Season Review: Big Mouth Season Six
Overview:
Andrew, Nick, Jessi, Missy, Jay and the rest of the hormonal misfits get ready for another season of chaaaaanges, only this year it’s more than just their bodies that are transforming. New personal triumphs and a myriad of budding relationships have everyone vulnerable in new ways. However, these teens begin to understand the imperfect, fleeting nature of love when their parents and family structures begin to buckle under new pressures. Validation and friendship have never been more important once the man-made families that the Big Mouth kids have made become their only hopes of surviving the shake-ups at home.
Oh, Jay gets trapped in the Bread Bowl Realm, an alternate dimension. Standard puberty silliness.
Our Take:
Big Mouth’s hormonal teenagers have faced uphill battles ever since the start of this broad comedy and while it’s safe to say that they’ll likely never fully understand their bodies, they’re at least beginning to tolerate these clumsy meat sacks. The majority of Big Mouth’s characters were 12-going-on-13 during season one and now, five seasons later, it’s almost jarring to have Andrew and Nick at makeout parties and contemplating second base. It’s safe to say that horniness is at an all-time high in season six of Big Mouth, but somehow, so is empathy. This year features payoffs to Big Mouth’s many blossoming relationships as it heads into its most emotionally complex territory yet. Big Mouth season six preaches the mantra that the only way to get love is to give love, but that it’s also essential to love and understand yourself. Andrew’s been “loving himself” since the pilot, but this season that sentiment finds a way to be true without also being gross.
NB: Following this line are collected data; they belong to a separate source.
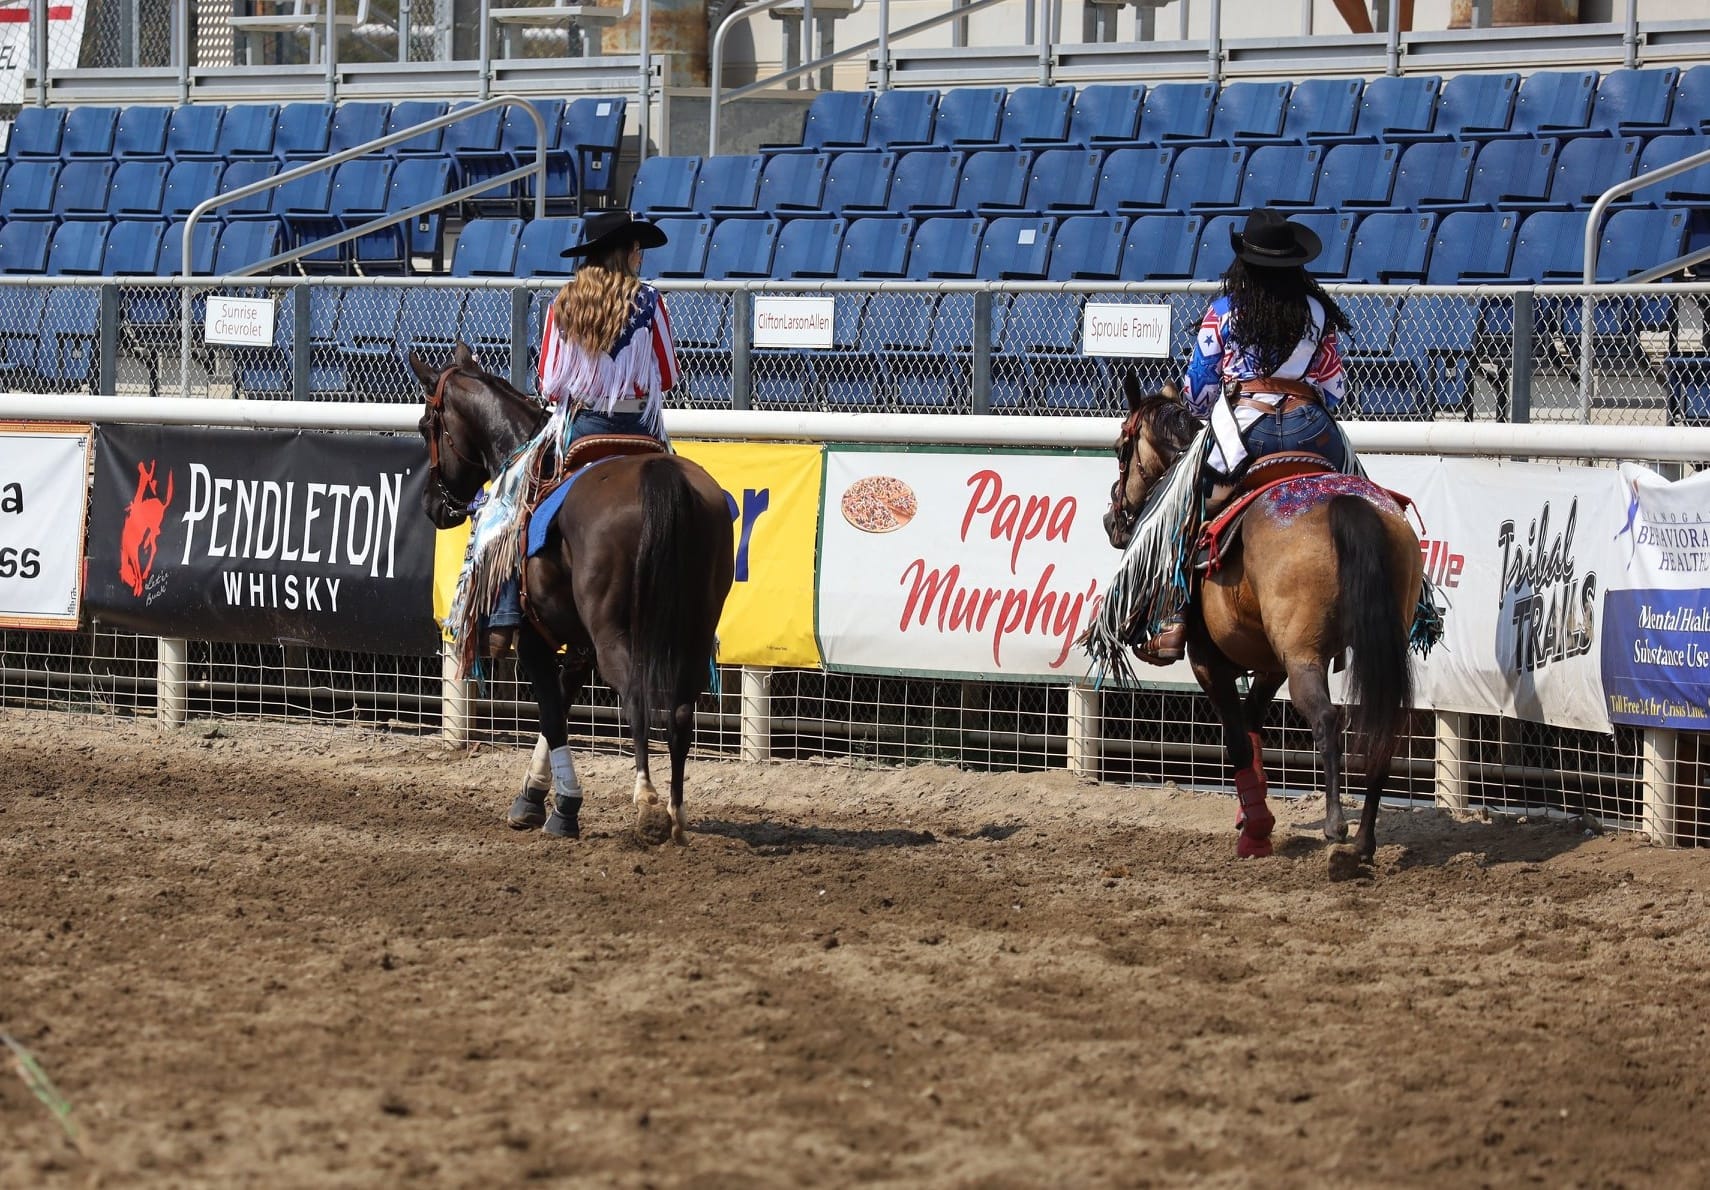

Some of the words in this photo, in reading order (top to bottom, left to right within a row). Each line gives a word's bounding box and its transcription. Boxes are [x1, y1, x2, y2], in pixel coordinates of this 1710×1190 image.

[222, 303, 257, 320] Sunrise
[758, 312, 830, 330] CliftonLarsonAllen
[215, 320, 262, 337] Chevrolet
[1091, 316, 1129, 342] Sproule
[1132, 317, 1163, 344] Family
[181, 463, 403, 579] PENDLETON
[960, 469, 1077, 575] Papa
[1498, 495, 1577, 610] Tribal
[223, 570, 341, 613] WHISKY
[1513, 571, 1597, 676] TRAILS
[1638, 605, 1683, 631] Mental
[1680, 606, 1710, 632] Healt
[1634, 639, 1684, 666] Substance
[1687, 643, 1709, 668] Use
[1623, 696, 1640, 714] Free
[1650, 697, 1662, 716] hr
[1662, 698, 1686, 717] Crisis
Big Mouth has never exactly struggled when it comes to its writing, but this season develops a strong structure where many of the ideas from the final third of the ten-episode season are set up and teased in the first two installments. There’s still a very episodic nature to each entry’s stories, but this thoughtful plotting is appreciated. It helps the season figure out what are the best stories to tell this season, but also how to naturally tie them all together and have them build upon each other. At the same time, this season also features what’s ostensibly a clip show, which is a concession that further speaks to the show spinning its wheels. Granted, there’s still plenty of new material in this episode and there’s actually quite a clever concept that causes everyone to reflect upon their previous sexual conquests and embarrassments. However, this still doesn’t change the fact that this is an episode where there’s plenty of reused material. The same idea could just as easily be explored without copious old footage.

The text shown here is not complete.